- ASSIGNED TASK -
Pictures are to be left out, but please repeat each record exactly.

Items listed in a dataset
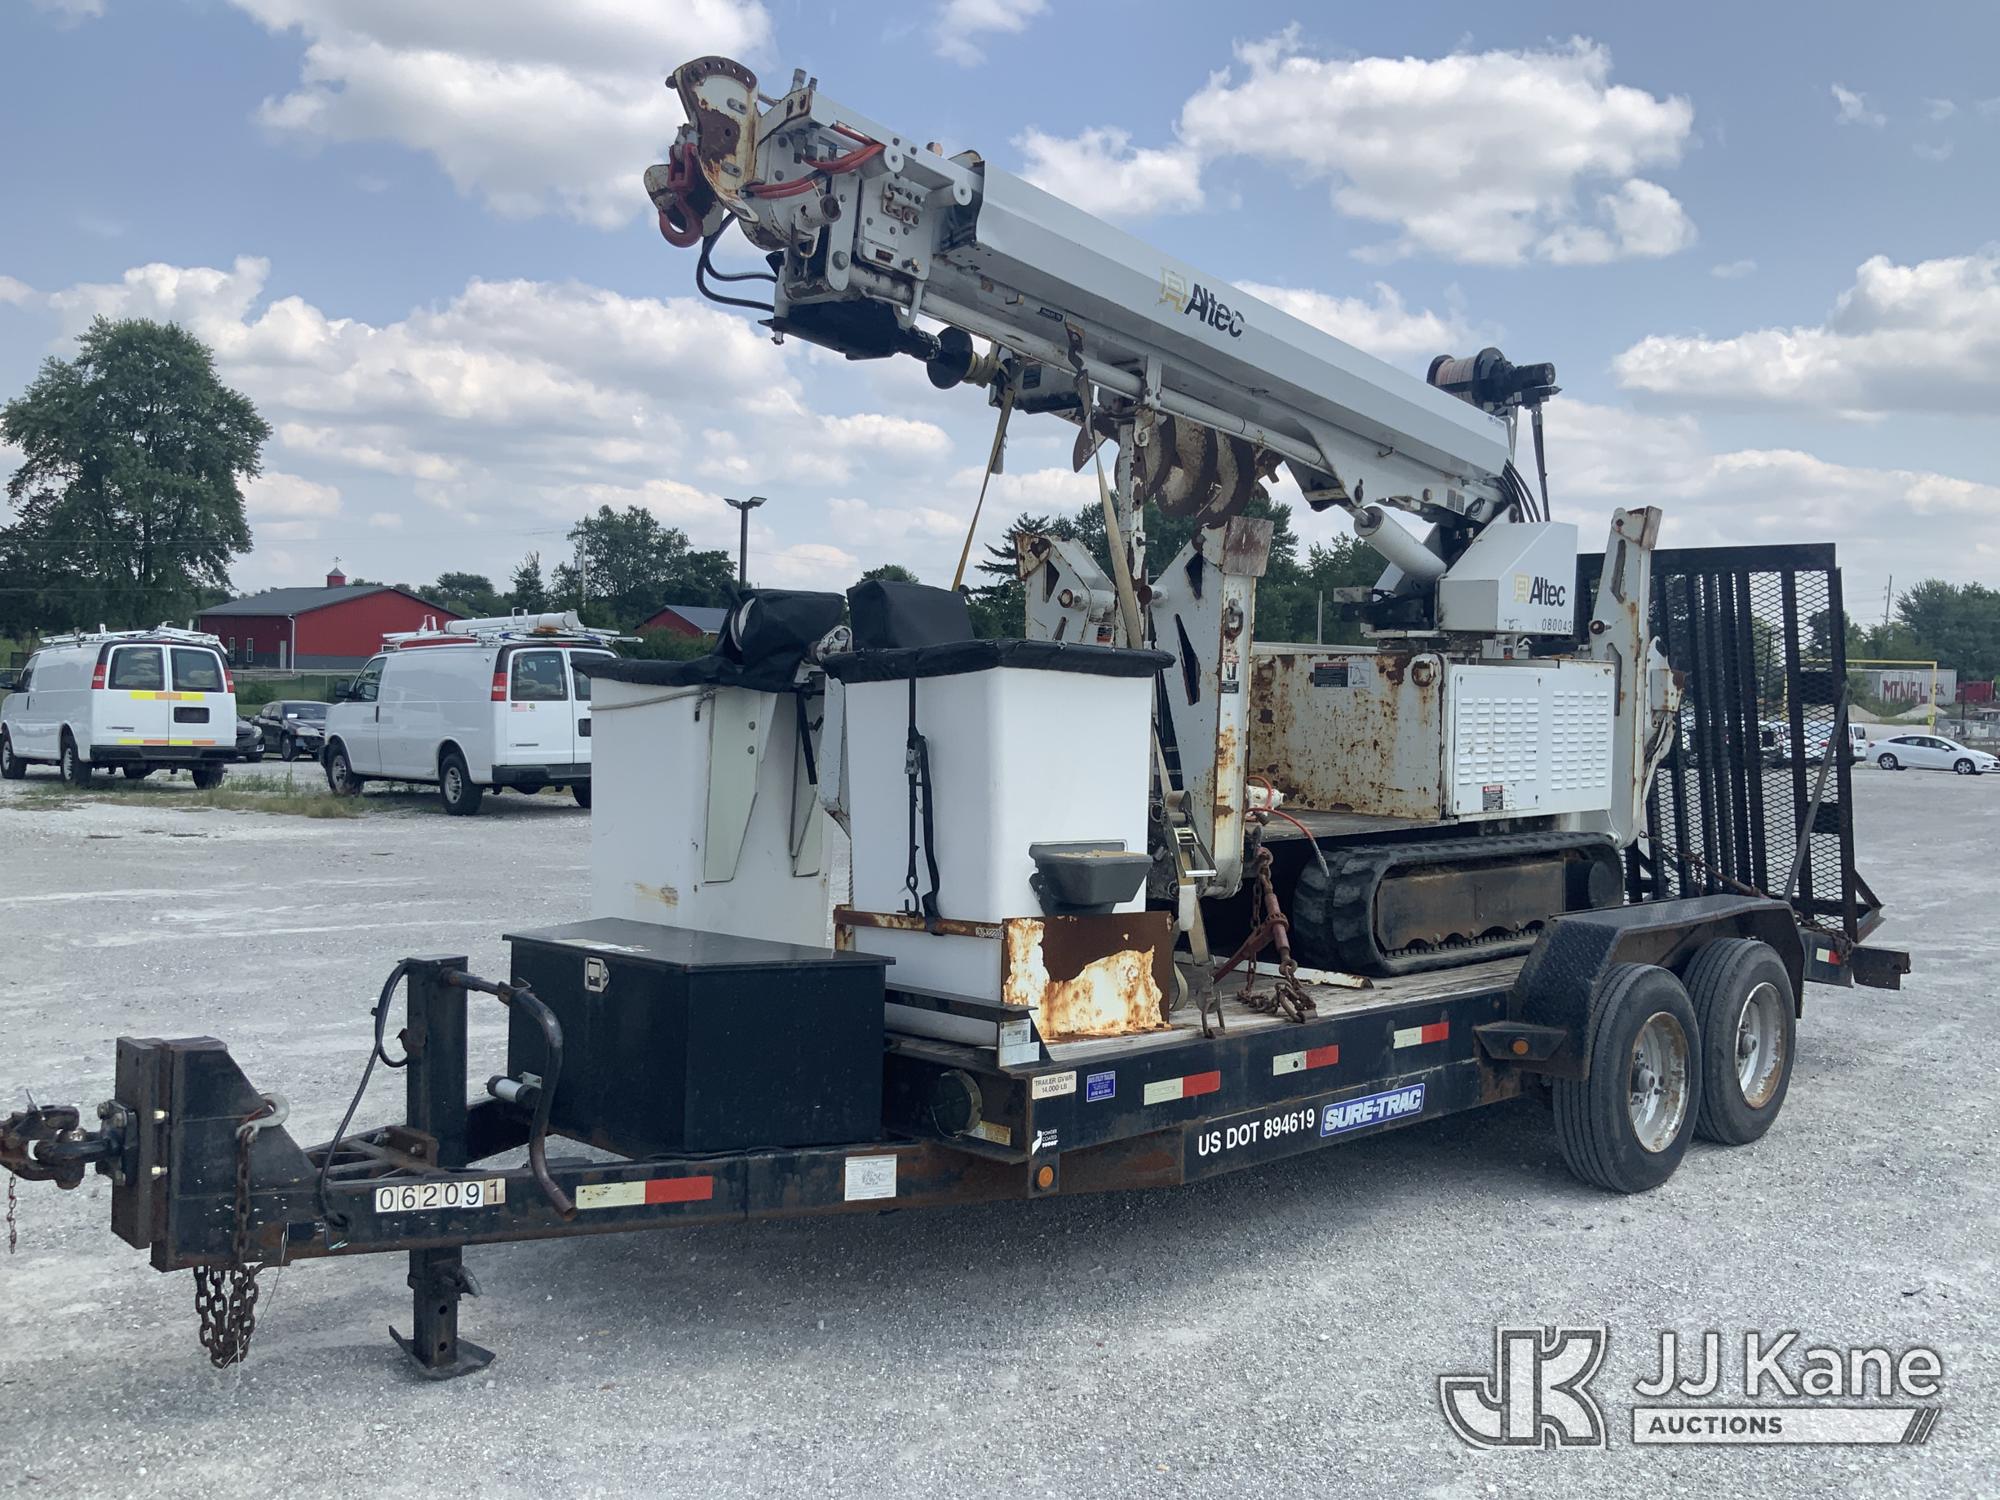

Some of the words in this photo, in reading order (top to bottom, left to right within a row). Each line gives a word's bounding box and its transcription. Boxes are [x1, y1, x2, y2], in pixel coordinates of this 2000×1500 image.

[1184, 283, 1245, 338] Altec
[1529, 576, 1566, 608] Altec
[1542, 618, 1573, 633] 080043
[1034, 1077, 1057, 1087] TRAILER
[1199, 1131, 1222, 1157] US
[1226, 1121, 1260, 1150] DOT
[1263, 1108, 1315, 1140] 894619
[380, 1181, 499, 1209] 062091

- TASK ANSWER -
Some of the words in this photo, in reading order (top to bottom, left to right within a row). Each line gives a word's bounding box and its transcription. Boxes are [x1, y1, x2, y2], in pixel coordinates of this 2000×1500 image.

[1184, 283, 1245, 338] Altec
[1529, 576, 1566, 608] Altec
[1542, 618, 1573, 633] 080043
[1034, 1077, 1057, 1087] TRAILER
[1199, 1131, 1222, 1157] US
[1226, 1121, 1260, 1150] DOT
[1263, 1108, 1315, 1140] 894619
[380, 1181, 499, 1209] 062091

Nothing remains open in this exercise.